Key Morningstar Metrics for Nvidia


Earnings Release Date

  • Wednesday, Feb. 26, after the close of trading

What to Watch for in Nvidia’s Q4 Earnings

All eyes remain on the data center business: Nvidia has been on a healthy streak of reporting results ahead of its quarterly guidance while guiding for the upcoming quarter ahead of FactSet consensus estimates. That said, last quarter’s “beat” was less impressive than those of prior quarters.
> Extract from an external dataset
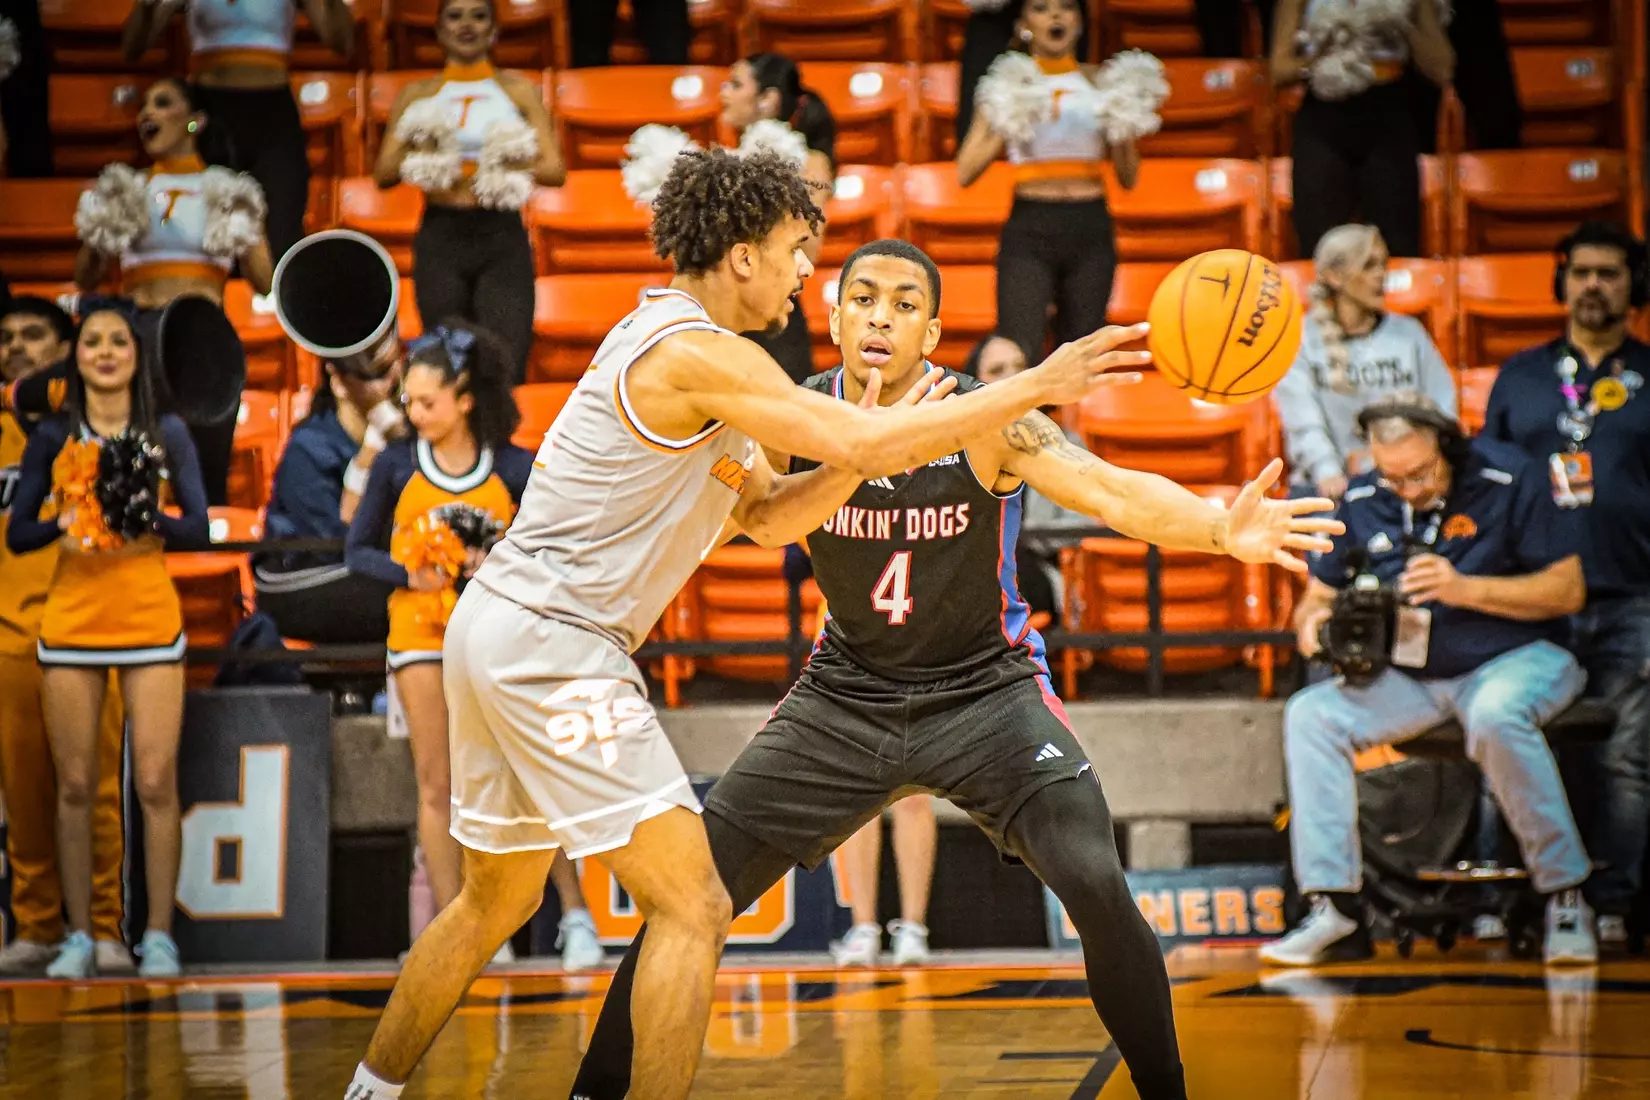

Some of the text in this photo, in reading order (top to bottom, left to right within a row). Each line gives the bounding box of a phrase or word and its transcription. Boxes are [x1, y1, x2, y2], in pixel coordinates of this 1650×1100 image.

This is leading to modest concern about a slowdown in AI spending.

  • We’ve heard from Nvidia’s key customers that they will significantly raise capex in 2025 (perhaps to the tune of 30%-35% growth), and we continue to expect Nvidia to capture about a third of such spending.
  • Sovereign AI spending may also be a modest concern, in light of US regulations and a restrictive geopolitical AI landscape.
  • Like prior quarters, supply constraints still appear to be the most significant cap on Nvidia’s AI chip business. Our model assumes Nvidia will sell everything it can build for the next 6-12 months.

Longer-term data center debates persist: Some observers have debated the longevity of scaling laws (the pre-training of AI models based on throwing ever-growing GPU clusters at the problem). Hyperscaler capex suggests these clusters are still being built, and the Stargate announcement may have put this debate to rest in 2025 (although we’re skeptical that all $500 billion will be invested).

DeepSeek also appears to be a game changer on the AI model front, as it was trained within China, which has less access to cutting-edge GPUs, and appears to run AI inference very efficiently. This poses the threat that fewer AI GPUs, large data centers, and nuclear power stations will need to be built.

Again, hyperscaler capex suggests heavy investments are still in the cards in the near-to-medium term, which bodes well for Nvidia. However, slimmer AI models were always part of the equation, in our view, and DeepSeek’s arrival doesn’t change our thesis for Nvidia.

We still have key questions about the future of AI:

  • What percentage of AI workloads is training vs. inference? Nvidia dominates training but has said that 40% of its GPUs are used for inference.
  • What is Nvidia seeing regarding the development of large language models in the cloud vs. at the edge?
  • What is Nvidia seeing from customers conducting “moonshot” projects, such as genetics, drug discovery, robotics, or autonomous driving?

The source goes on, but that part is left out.